___ Entries shown

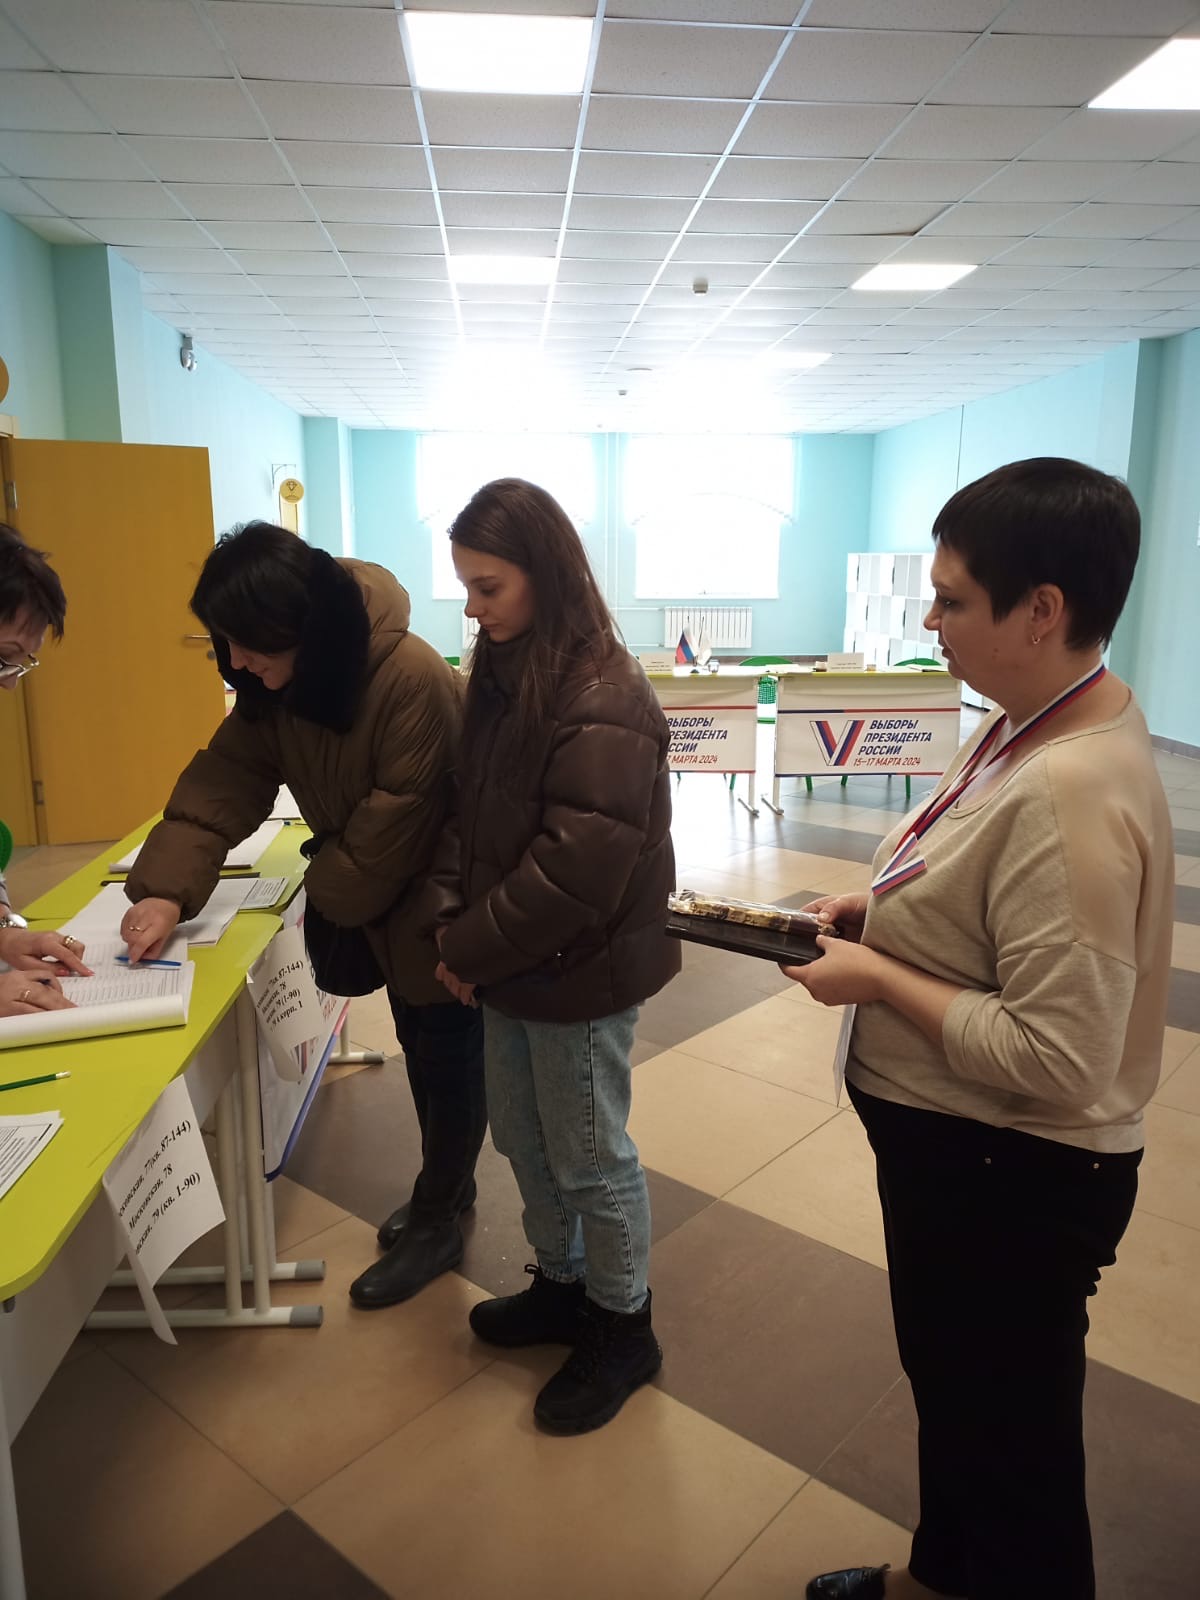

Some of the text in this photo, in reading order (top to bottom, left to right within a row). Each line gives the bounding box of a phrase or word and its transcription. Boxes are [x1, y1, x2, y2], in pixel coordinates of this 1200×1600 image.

[667, 717, 714, 727] ВЫБОРЫ
[869, 719, 919, 730] ВЫБОРЫ
[669, 730, 728, 741] РЕЗИДЕНТА
[864, 732, 932, 743] ПРЕЗИДЕНТА
[668, 742, 698, 753] ССИИ
[858, 745, 902, 756] РОССИИ
[671, 755, 698, 764] МАРТА
[698, 755, 718, 764] 2024
[876, 758, 902, 767] МАРТА
[902, 757, 921, 766] 2024
[160, 1119, 192, 1153] 87-144)
[163, 1163, 173, 1179] 78
[176, 1171, 201, 1198] 1-90)

______

No picture belongs in the copy. Print every entry above exactly as it stands.

• **Output for this task**:
Some of the text in this photo, in reading order (top to bottom, left to right within a row). Each line gives the bounding box of a phrase or word and its transcription. Boxes are [x1, y1, x2, y2], in pixel coordinates of this 1200×1600 image.

[667, 717, 714, 727] ВЫБОРЫ
[869, 719, 919, 730] ВЫБОРЫ
[669, 730, 728, 741] РЕЗИДЕНТА
[864, 732, 932, 743] ПРЕЗИДЕНТА
[668, 742, 698, 753] ССИИ
[858, 745, 902, 756] РОССИИ
[671, 755, 698, 764] МАРТА
[698, 755, 718, 764] 2024
[876, 758, 902, 767] МАРТА
[902, 757, 921, 766] 2024
[160, 1119, 192, 1153] 87-144)
[163, 1163, 173, 1179] 78
[176, 1171, 201, 1198] 1-90)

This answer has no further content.